The QuickCheck library seems to catch all exceptions that are thrown when testing a property. In particular, this behavior prevents me from putting a time limit on the entire QuickCheck computation. For example:

module QuickCheckTimeout where

import System.Timeout (timeout)
import Control.Concurrent (threadDelay)
import Test.QuickCheck (quickCheck, within, Property)
import Test.QuickCheck.Monadic (monadicIO, run, assert)

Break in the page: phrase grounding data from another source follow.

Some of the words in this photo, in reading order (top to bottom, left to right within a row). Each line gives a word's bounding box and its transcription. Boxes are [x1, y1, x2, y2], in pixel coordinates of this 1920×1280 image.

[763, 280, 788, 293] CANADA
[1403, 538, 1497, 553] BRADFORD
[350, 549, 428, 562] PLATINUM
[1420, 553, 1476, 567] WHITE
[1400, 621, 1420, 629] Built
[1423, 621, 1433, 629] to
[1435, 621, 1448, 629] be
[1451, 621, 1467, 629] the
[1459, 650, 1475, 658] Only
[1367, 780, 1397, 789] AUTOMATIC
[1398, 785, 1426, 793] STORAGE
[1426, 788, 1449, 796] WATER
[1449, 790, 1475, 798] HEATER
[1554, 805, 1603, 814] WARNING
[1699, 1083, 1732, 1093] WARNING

-- use threadDelay to simulate a slow computation
prop_slow_plus_zero_right_identity :: Int -> Property
prop_slow_plus_zero_right_identity i = monadicIO $ do
  run (threadDelay (100000 * i))
  assert (i + 0 == i)

runTests :: IO ()
runTests = do
  result <- timeout 3000000 (quickCheck prop_slow_plus_zero_right_identity)
  case result of
    Nothing -> putStrLn "timed out!"
    Just _  -> putStrLn "completed!"

Because QuickCheck catches all the exceptions, timeout breaks: it doesn't actually abort the computation! Instead, QuickCheck treats the property as having failed, and tries to shrink the input that caused the failure. This shrinking process is then not run with a time bound, causing the total time used by the computation to exceed the prescribed time limit.

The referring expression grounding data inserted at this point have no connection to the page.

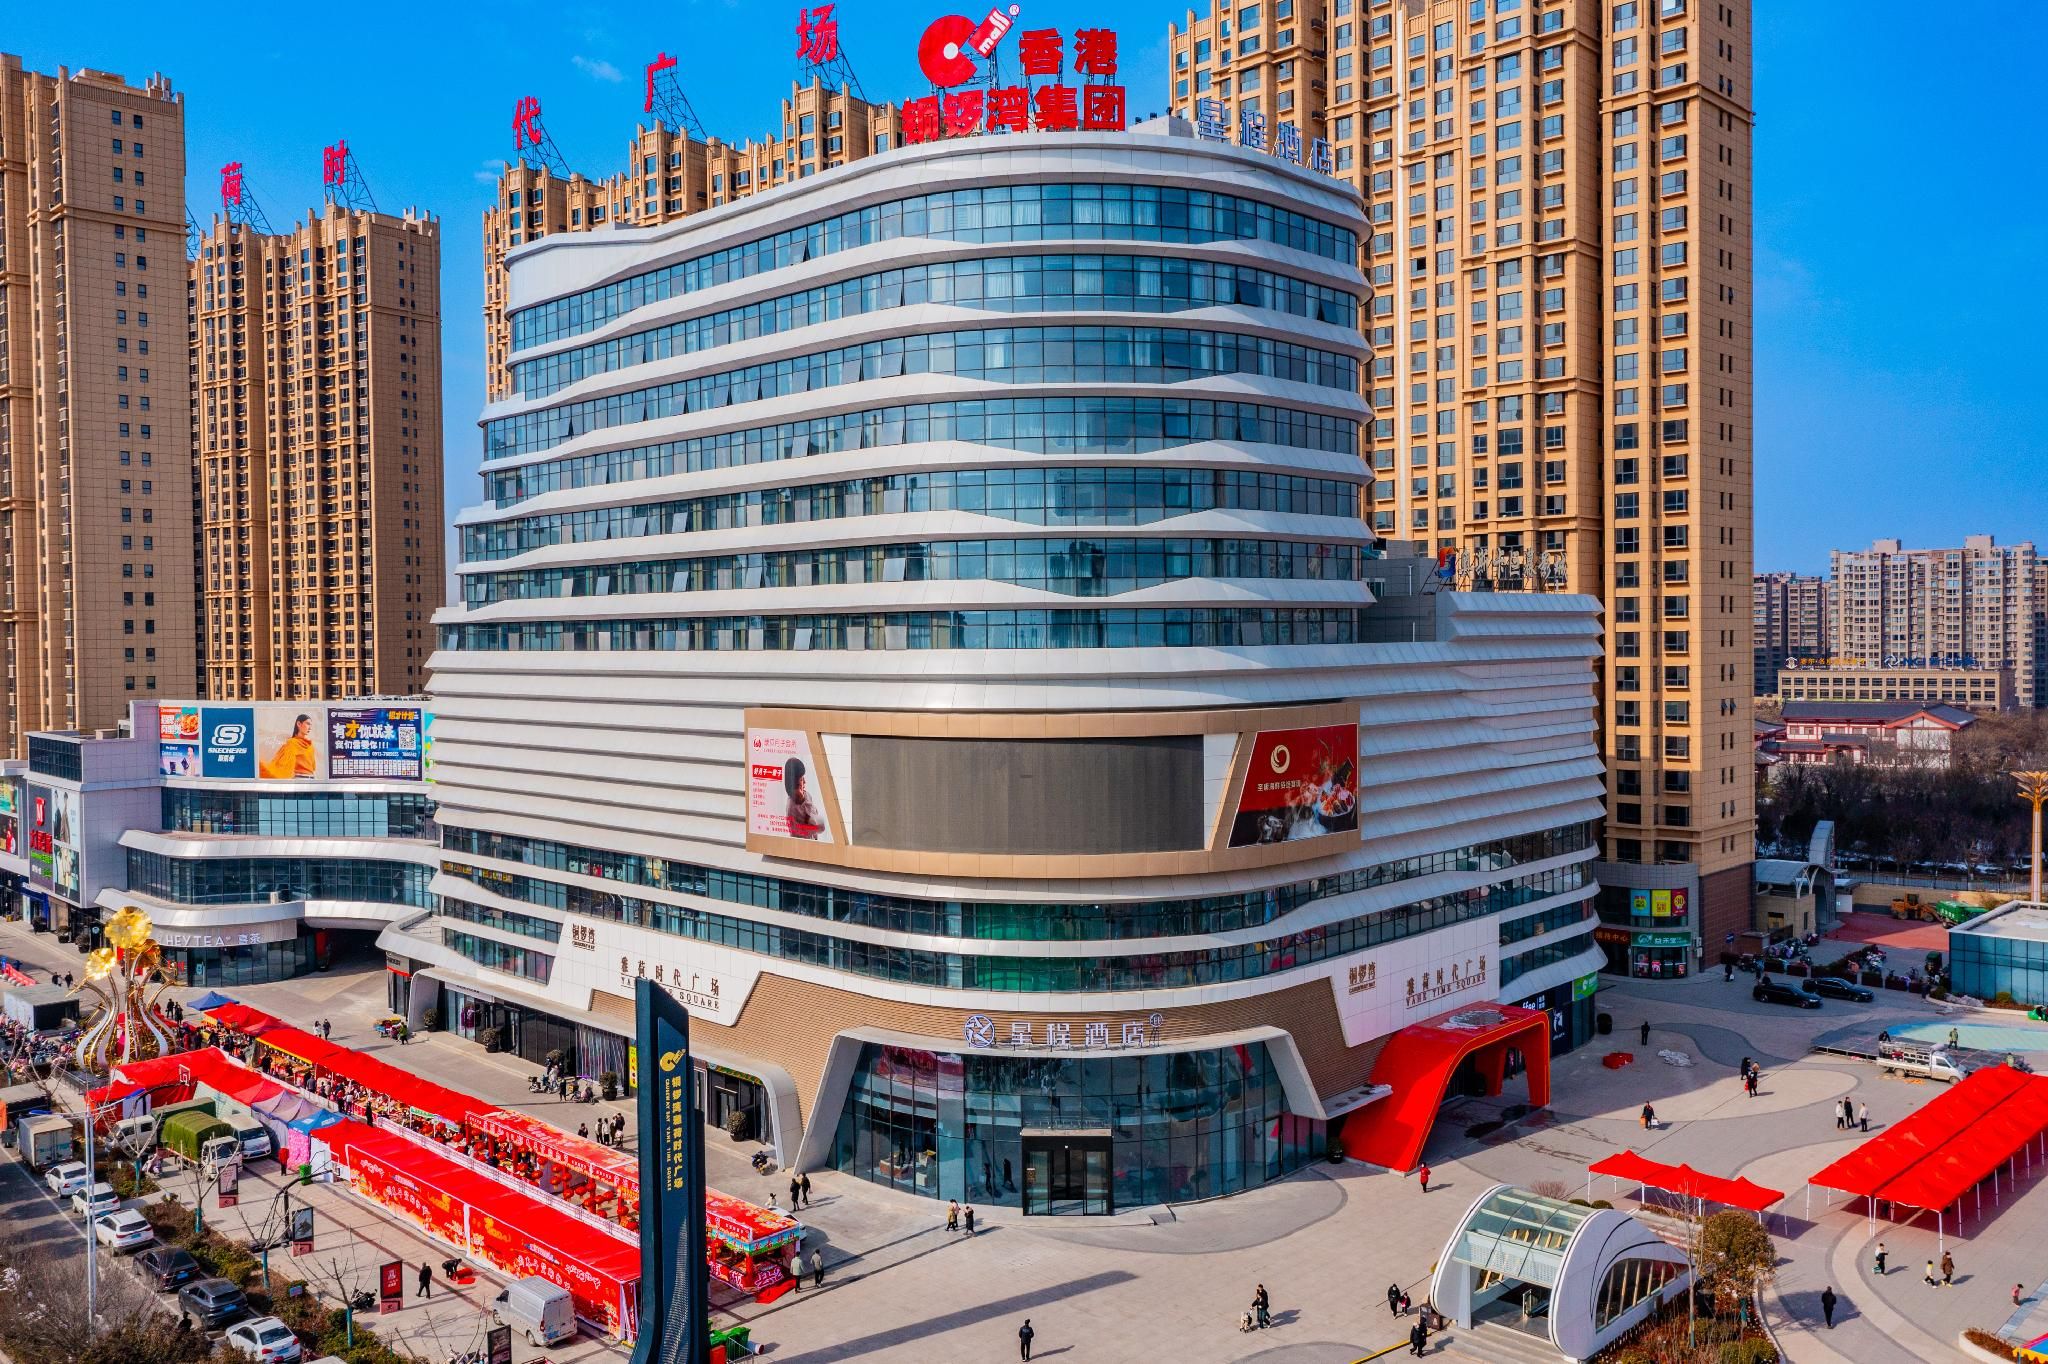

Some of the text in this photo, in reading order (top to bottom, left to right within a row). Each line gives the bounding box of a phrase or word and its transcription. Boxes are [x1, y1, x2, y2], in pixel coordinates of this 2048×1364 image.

[979, 9, 1010, 54] mall
[1019, 28, 1118, 76] 香港
[221, 4, 837, 206] 荷 时 代 广 场
[902, 83, 1126, 144] 铜锣湾集团
[1199, 98, 1333, 175] 星程酒店
[332, 720, 395, 739] 有才你就来
[166, 932, 261, 947] HEYTEA 喜茶
[572, 923, 595, 944] 铜锣湾
[1349, 961, 1376, 985] 铜锣湾
[1406, 955, 1486, 996] 雅荷时代广场
[680, 991, 720, 1009] SQUARE
[1011, 1021, 1143, 1048] 星程酒店

One might think I could use QuickCheck's within combinator to bound the computation time. (within treats a property as having failed if it doesn't finish within the given time limit.) However, within doesn't quite do what I want, since QuickCheck still tries to shrink the input that caused the failure, a process that can take far too long. (What could alternatively work for me is a version of within that prevents QuickCheck from trying to shrink the inputs to a property that failed because it didn't finish within the given time limit.)

How can I prevent QuickCheck from catching all exceptions?

Swept answered 3/3, 2012 at 21:48 Comment(0)
G
4

Since QuickCheck does the right thing when the user manually interrupts the test by pressing Ctrl+C, you might be able to work around this issue by writing something similar to timeout, but that throws an asynchroneous UserInterrupt exception instead of a custom exception type.

This is pretty much a straight copy-and-paste job from the source of System.Timeout:

import Control.Concurrent
import Control.Exception

timeout' n f = do
    pid <- myThreadId
    bracket (forkIO (threadDelay n >> throwTo pid UserInterrupt))
            (killThread)
            (const f)

With this approach, you'll have to use quickCheckResult and check the failure reason to detect whether the test timed out or not. It seems to work decent enough:

> runTests 
*** Failed! Exception: 'user interrupt' (after 13 tests):  
16
Girovard answered 4/3, 2012 at 13:2 Comment(1)
Upvoted because this solution addresses the particular use case (i.e. putting a time limit on the entire QuickCheck computation). Poring over the source code, it looks like QuickCheck is hard-wired to treat the UserInterrupt exception specially. Unfortunately, this solution doesn't quite answer my question: QuickCheck still swallows all but UserInterrupt!Swept
T
1

Maybe the chasingbottoms package would be useful? http://hackage.haskell.org/packages/archive/ChasingBottoms/1.3.0.3/doc/html/Test-ChasingBottoms-TimeOut.html

Trivia answered 4/3, 2012 at 7:7 Comment(0)
M
0

Not answering the main question, but your suggested alternative:

What could alternatively work for me is a version of within that prevents QuickCheck from trying to shrink the inputs to a property that failed because it didn't finish within the given time limit

There is noShrinking which should work for that:

https://hackage.haskell.org/package/QuickCheck/docs/Test-QuickCheck.html#v:noShrinking

As a downside, this will disable shrinking also if the tests fails for other reasons besides the timeout.